# VPACE 24" oder 26" - eure Erfahrung



## Deleted 326763 (8. März 2018)

Meine Tochter wächst aus Ihrem 16" Rad heraus (Kubike 16")

Der nächste Schritt wäre das Vpace Max24.
Somit auch das erste mit Schaltung und großen Rädern.
Aber wenn ich mir die Überstandshöhe anschaue, käme auch fast das Max26 in Frage.

Wobei mit ihren 1,16m Körpergröße wäre die Sitzposition auf dem großem Rad eher unenspannt und unhandlich- oder?


Beim aktuellen Rad ist der Sattel bei ca. 60cm.
Im September gehts in die Schule und davor im August in den Urlaub. Da wäre das neue Rad auch spätestens geplant. 

Was sind denn eure Erfahrungen?


----------



## DianaD80 (8. März 2018)

Also mit 1,16m ist sie m.M. nach definitiv zu klein fürs Max 26, unserer ist mit 1,26/1,27 aufs Max26 umgestiegen und das war schon recht knapp, ging aber schon. Und ein Umstieg von 16 auf 26 Zoll finde ich schon heftig.


----------



## MTB-News.de




----------



## Deleted 326763 (8. März 2018)

Danke,

denke auch, daß das schon ein großer Sprung ist.
Sie soll ja auch Spaß am Rad haben.

Bin ganz ehrlich, ein wenig spielt ja auch hier das Geld eine Rolle.... Und der Gedanke war/ist mit dem 26er eine Größe zu überspringen.

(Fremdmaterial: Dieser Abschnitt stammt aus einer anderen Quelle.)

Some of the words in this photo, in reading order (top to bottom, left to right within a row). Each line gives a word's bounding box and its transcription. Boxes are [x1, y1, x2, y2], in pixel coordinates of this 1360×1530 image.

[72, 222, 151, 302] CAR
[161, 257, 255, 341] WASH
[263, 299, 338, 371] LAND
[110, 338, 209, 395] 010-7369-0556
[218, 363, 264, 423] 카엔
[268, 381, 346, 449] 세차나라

Ist aber wahrscheinlich eher nicht so sinnvoll. Hattet Ihr vorher das 24" Rad? Bis zu welcher Körpergröße kann man das noch gut fahren?


----------



## LockeTirol (8. März 2018)

Hi, mit 1,16 wäre das 24er ideal geeignet. Das 26er wäre viel zu groß.


----------



## chris4711 (8. März 2018)

DianaD80 schrieb:


> ...unserer ist mit 1,26/1,27 aufs Max26 umgestiegen und das war schon recht knapp, ging aber schon...

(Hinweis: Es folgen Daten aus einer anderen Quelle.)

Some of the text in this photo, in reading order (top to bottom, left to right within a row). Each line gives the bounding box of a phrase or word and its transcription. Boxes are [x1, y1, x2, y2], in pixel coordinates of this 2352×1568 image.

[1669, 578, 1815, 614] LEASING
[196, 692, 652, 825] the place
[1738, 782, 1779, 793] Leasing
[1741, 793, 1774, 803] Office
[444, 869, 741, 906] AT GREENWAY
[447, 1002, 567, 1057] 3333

Also war grenzwertig aber ging? Ich überlege nämlich gerade, ob ich für die Tochter (leider) noch n 24" Zwischenschritt einlegen muss (1,28m - SL 56,5).


----------



## Linipupini (8. März 2018)

Erfahrungen wurden hier auch schon geteilt, warum noch eine Seite? Musst dich halt mal ein wenig einlesen.
https://www.mtb-news.de/forum/t/die-vpace-max-24-und-26-galerie.792745/

Und mal ganz ehrlich von 16" auf 26"


----------



## DianaD80 (8. März 2018)

RomainK schrieb:


> Danke,
> 
> denke auch, daß das schon ein großer Sprung ist.
> Sie soll ja auch Spaß am Rad haben.
> ...



Also wir sind vom Isla Beinn 20 L umgestiegen und haben 24 Zoll ausgelassen, da ist der Sprung nicht ganz so extrem. Max24 gab es zu der Zeit noch nicht. Ich denke aber das Rad lässt sich auch wunderbar wieder verkaufen. Ohne große Verluste.


----------



## Deleted 326763 (8. März 2018)

Linipupini schrieb:


> Erfahrungen wurden hier auch schon geteilt, warum noch eine Seite? Musst dich halt mal ein wenig einlesen.
> https://www.mtb-news.de/forum/t/die-vpace-max-24-und-26-galerie.792745/



Habe ich natürlich gelesen.
Aber natürlich hast Du Recht. Irgendwo auf der Welt wurde diese Frage bestimmt schon beantwortet. 
Wie so viele hier auch. Wahrscheinlich könnte man das Forum hier um 80% Zusammenkürzen ohne Inhaltsverlust. Deine Antwort gehört auch dazu. Und wahrscheinlich auch einige Deiner 2144 Beiträge 

Und ja der Sprung ist groß, das ist mir bewußt, daher die Frage hier. Kein Grund für Dich ausfallend zu werde.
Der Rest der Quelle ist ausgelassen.